[Data items]
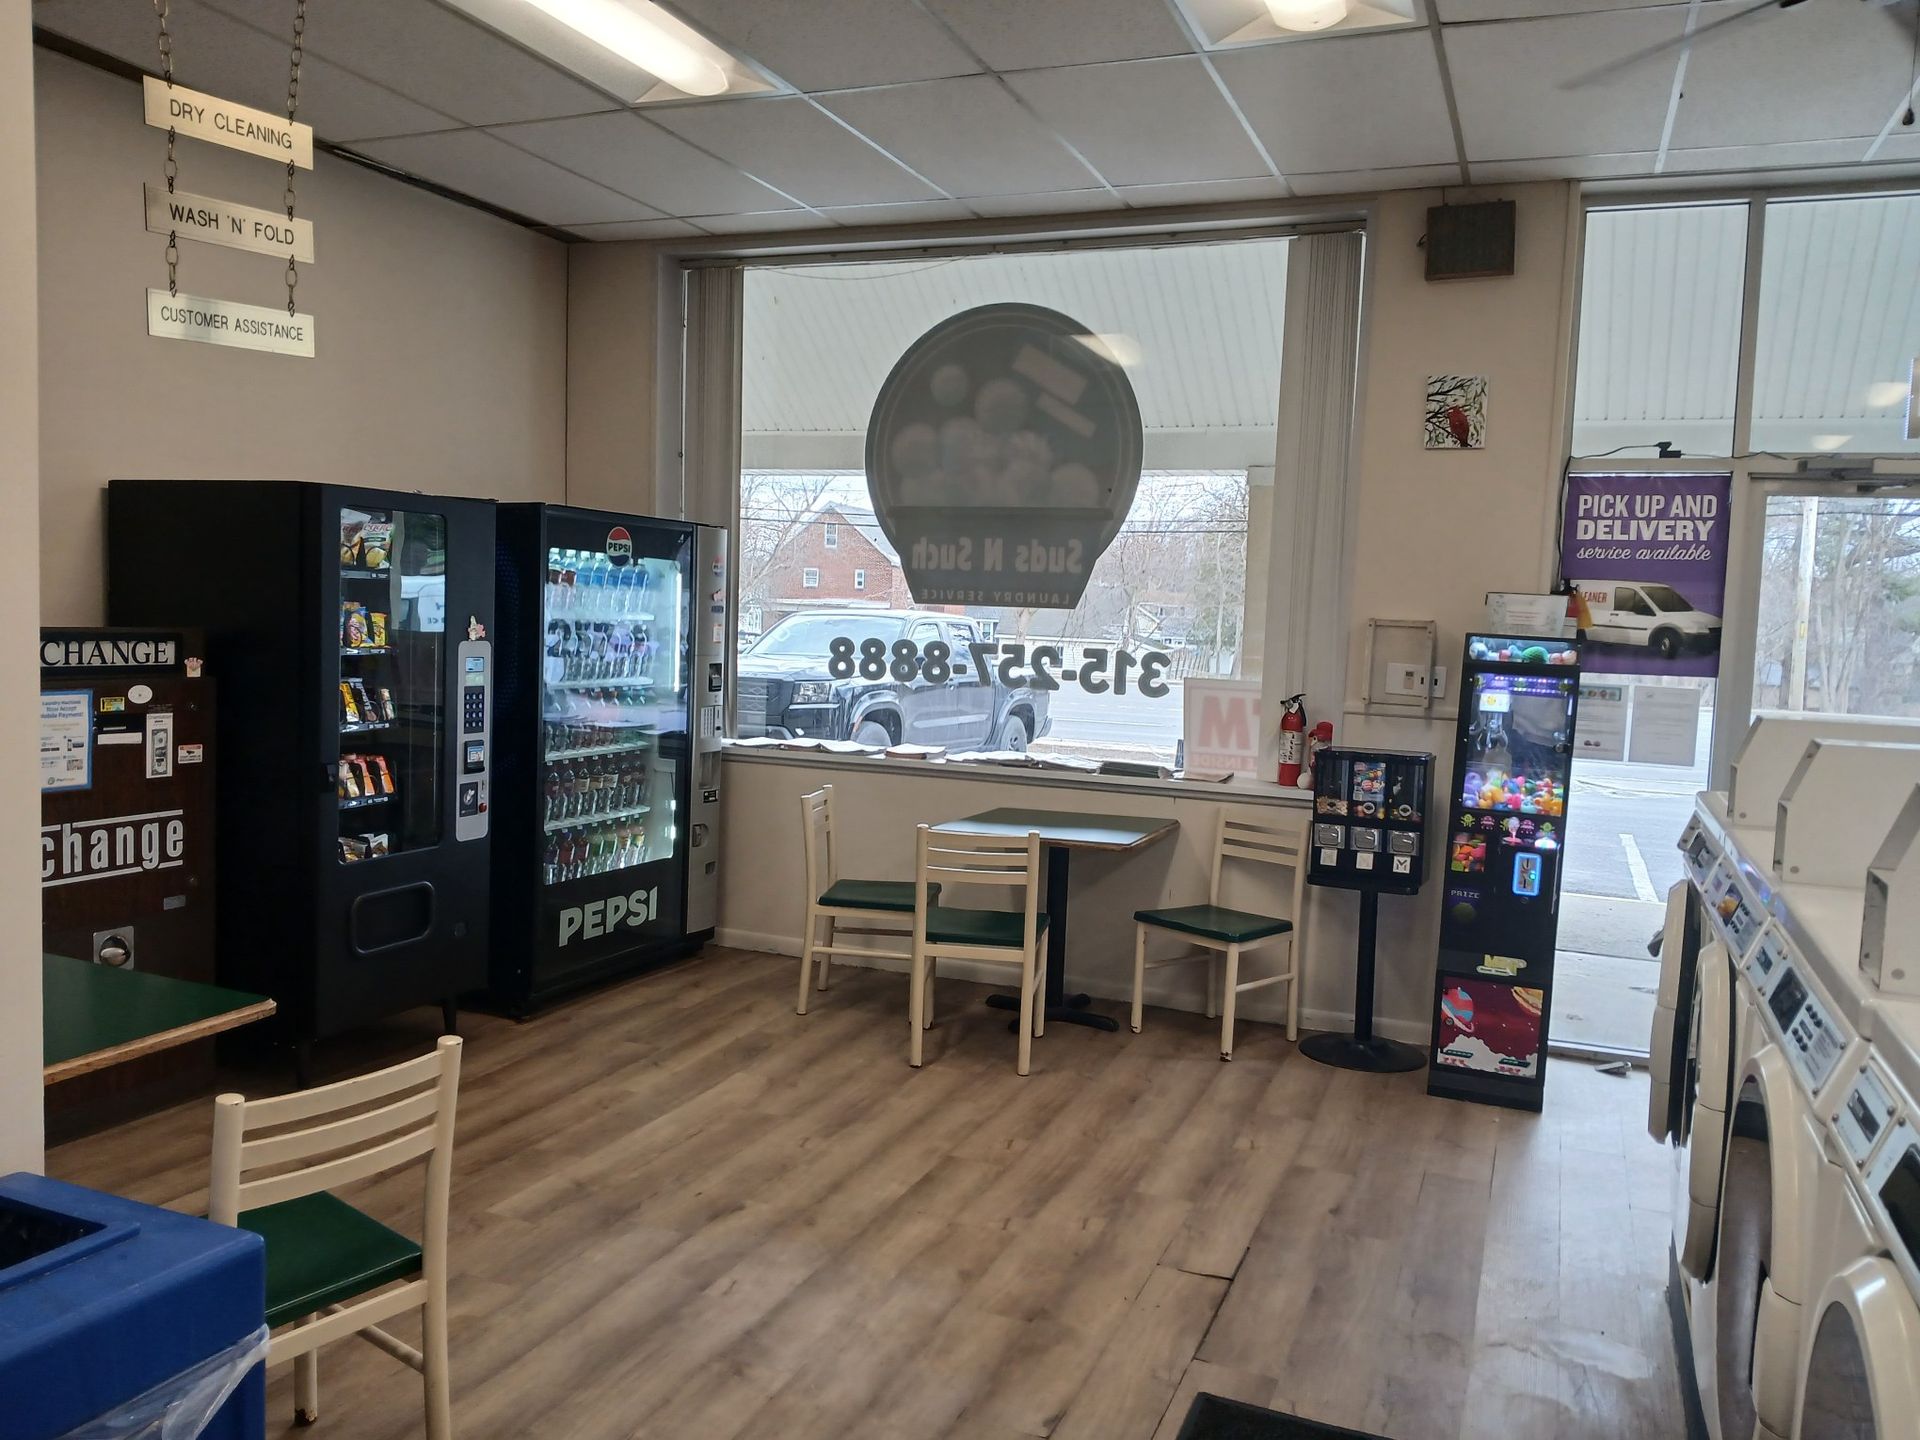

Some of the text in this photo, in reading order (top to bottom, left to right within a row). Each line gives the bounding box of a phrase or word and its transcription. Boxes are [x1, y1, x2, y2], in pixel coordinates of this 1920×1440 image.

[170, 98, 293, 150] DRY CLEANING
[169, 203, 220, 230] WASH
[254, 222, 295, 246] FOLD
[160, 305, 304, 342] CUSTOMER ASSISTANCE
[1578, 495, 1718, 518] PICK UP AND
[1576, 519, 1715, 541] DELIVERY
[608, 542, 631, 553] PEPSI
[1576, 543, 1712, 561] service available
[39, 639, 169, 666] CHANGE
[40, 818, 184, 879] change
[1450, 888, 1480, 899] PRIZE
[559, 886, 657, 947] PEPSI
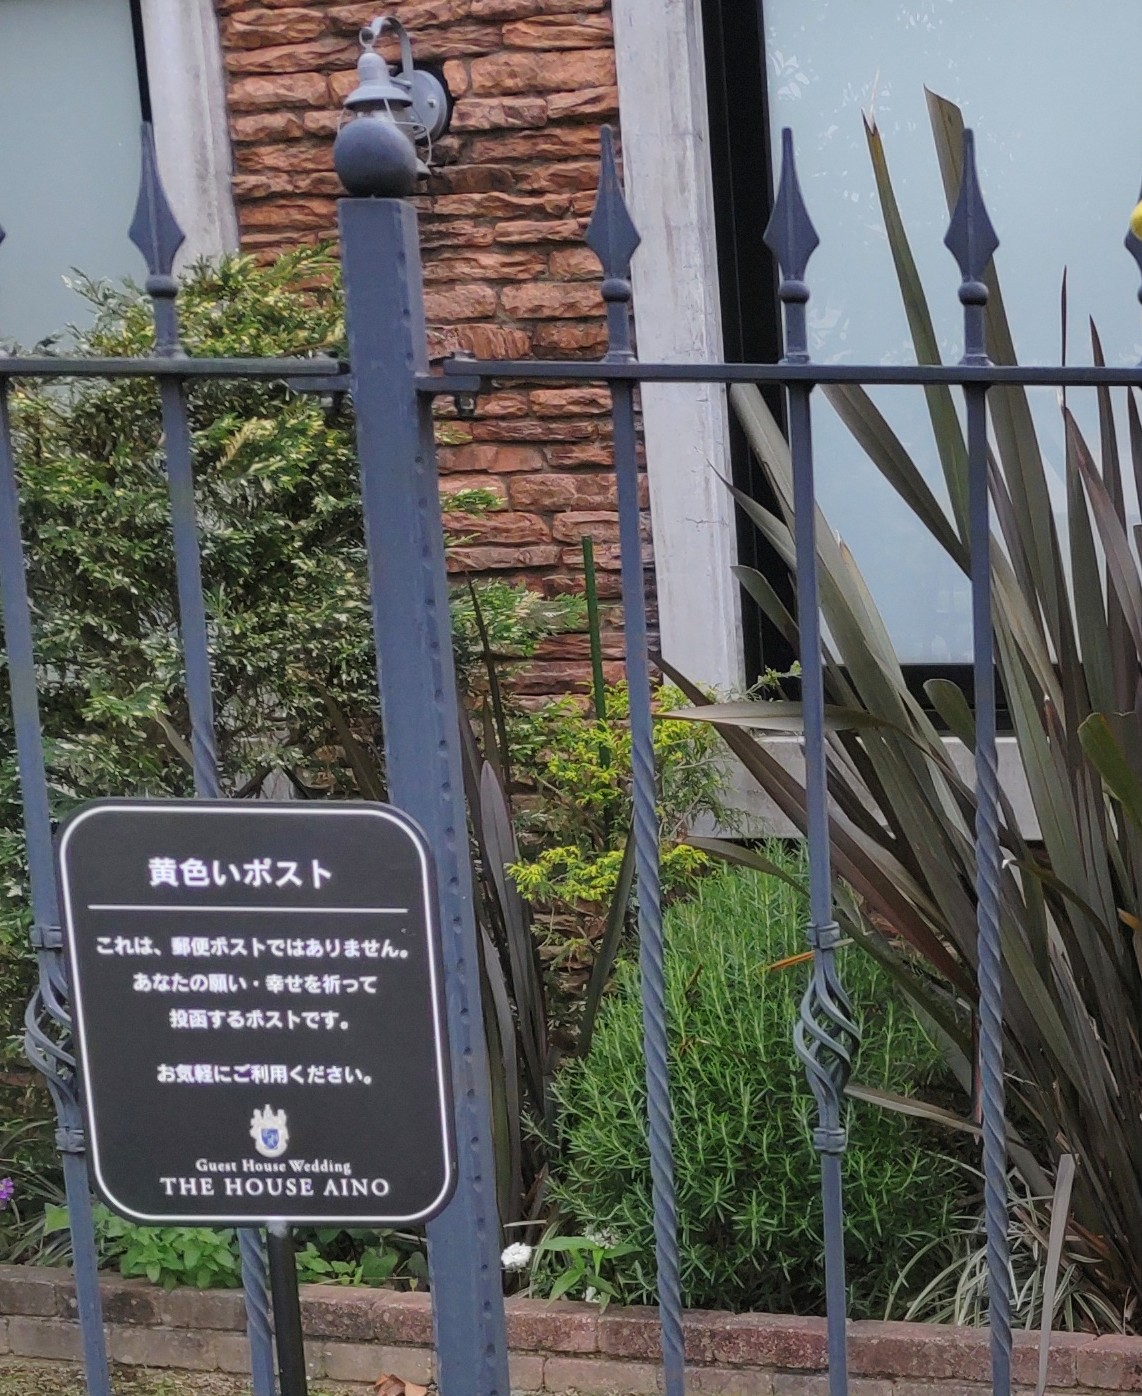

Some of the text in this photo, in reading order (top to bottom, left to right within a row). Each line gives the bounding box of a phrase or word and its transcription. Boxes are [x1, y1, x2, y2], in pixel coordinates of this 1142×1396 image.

→ What the task requires
The records above are to be retyped exactly, with every picture left out.

→ Answer area
Some of the text in this photo, in reading order (top to bottom, left to right within a row). Each line gives the bounding box of a phrase or word and its transcription. Boxes are [x1, y1, x2, y2], in pixel coordinates of this 1920×1440 image.

[170, 98, 293, 150] DRY CLEANING
[169, 203, 220, 230] WASH
[254, 222, 295, 246] FOLD
[160, 305, 304, 342] CUSTOMER ASSISTANCE
[1578, 495, 1718, 518] PICK UP AND
[1576, 519, 1715, 541] DELIVERY
[608, 542, 631, 553] PEPSI
[1576, 543, 1712, 561] service available
[39, 639, 169, 666] CHANGE
[40, 818, 184, 879] change
[1450, 888, 1480, 899] PRIZE
[559, 886, 657, 947] PEPSI

Some of the text in this photo, in reading order (top to bottom, left to right within a row). Each line gives the bounding box of a phrase or word and its transcription. Boxes are [x1, y1, x2, y2], in pixel coordinates of this 1142×1396 image.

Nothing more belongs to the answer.